## EXERCISE GOAL:
The whole listing is to be restated word for word with no images.

## DATA SECTION:
◇ ◇ ◇

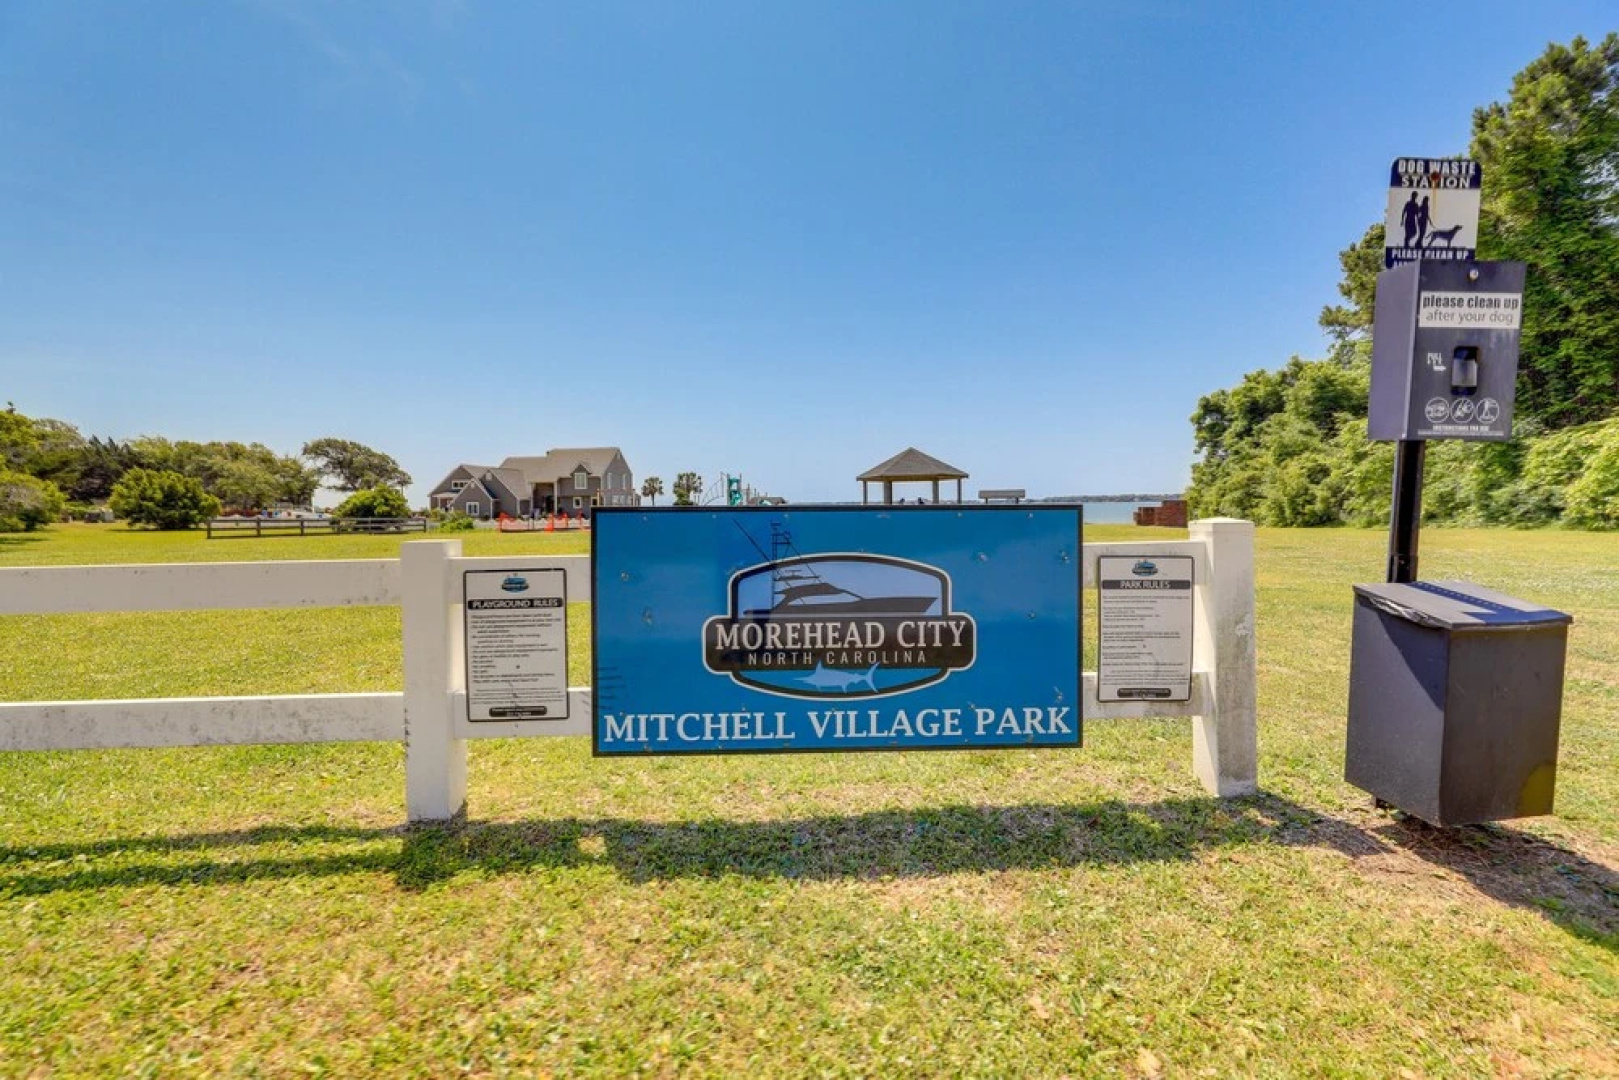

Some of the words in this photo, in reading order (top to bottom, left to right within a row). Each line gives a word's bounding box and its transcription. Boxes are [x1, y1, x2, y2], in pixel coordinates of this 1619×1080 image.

[1398, 160, 1425, 174] DOG
[1429, 161, 1476, 175] WASTE
[1391, 249, 1422, 259] PLEASE
[1424, 250, 1453, 260] CLEAN
[1456, 250, 1469, 260] UP
[1422, 294, 1465, 308] please
[1466, 295, 1501, 309] clean
[1503, 299, 1519, 310] up
[1425, 308, 1455, 322] after
[1458, 312, 1486, 324] your
[1489, 311, 1514, 326] dog
[1119, 580, 1142, 589] PARK
[1143, 580, 1171, 589] RULES
[472, 600, 531, 609] PLAYGROUND
[533, 598, 558, 607] RULES
[715, 621, 886, 651] MOREHEAD
[896, 620, 968, 648] CITY
[748, 652, 813, 666] NORTH
[825, 650, 927, 666] CAROLINA
[604, 711, 796, 743] MITCHELL
[807, 708, 963, 740] VILLAGE
[973, 706, 1072, 736] PARK

◇ ◇ ◇

## ANSWER BOX:
Some of the words in this photo, in reading order (top to bottom, left to right within a row). Each line gives a word's bounding box and its transcription. Boxes are [x1, y1, x2, y2], in pixel coordinates of this 1619×1080 image.

[1398, 160, 1425, 174] DOG
[1429, 161, 1476, 175] WASTE
[1391, 249, 1422, 259] PLEASE
[1424, 250, 1453, 260] CLEAN
[1456, 250, 1469, 260] UP
[1422, 294, 1465, 308] please
[1466, 295, 1501, 309] clean
[1503, 299, 1519, 310] up
[1425, 308, 1455, 322] after
[1458, 312, 1486, 324] your
[1489, 311, 1514, 326] dog
[1119, 580, 1142, 589] PARK
[1143, 580, 1171, 589] RULES
[472, 600, 531, 609] PLAYGROUND
[533, 598, 558, 607] RULES
[715, 621, 886, 651] MOREHEAD
[896, 620, 968, 648] CITY
[748, 652, 813, 666] NORTH
[825, 650, 927, 666] CAROLINA
[604, 711, 796, 743] MITCHELL
[807, 708, 963, 740] VILLAGE
[973, 706, 1072, 736] PARK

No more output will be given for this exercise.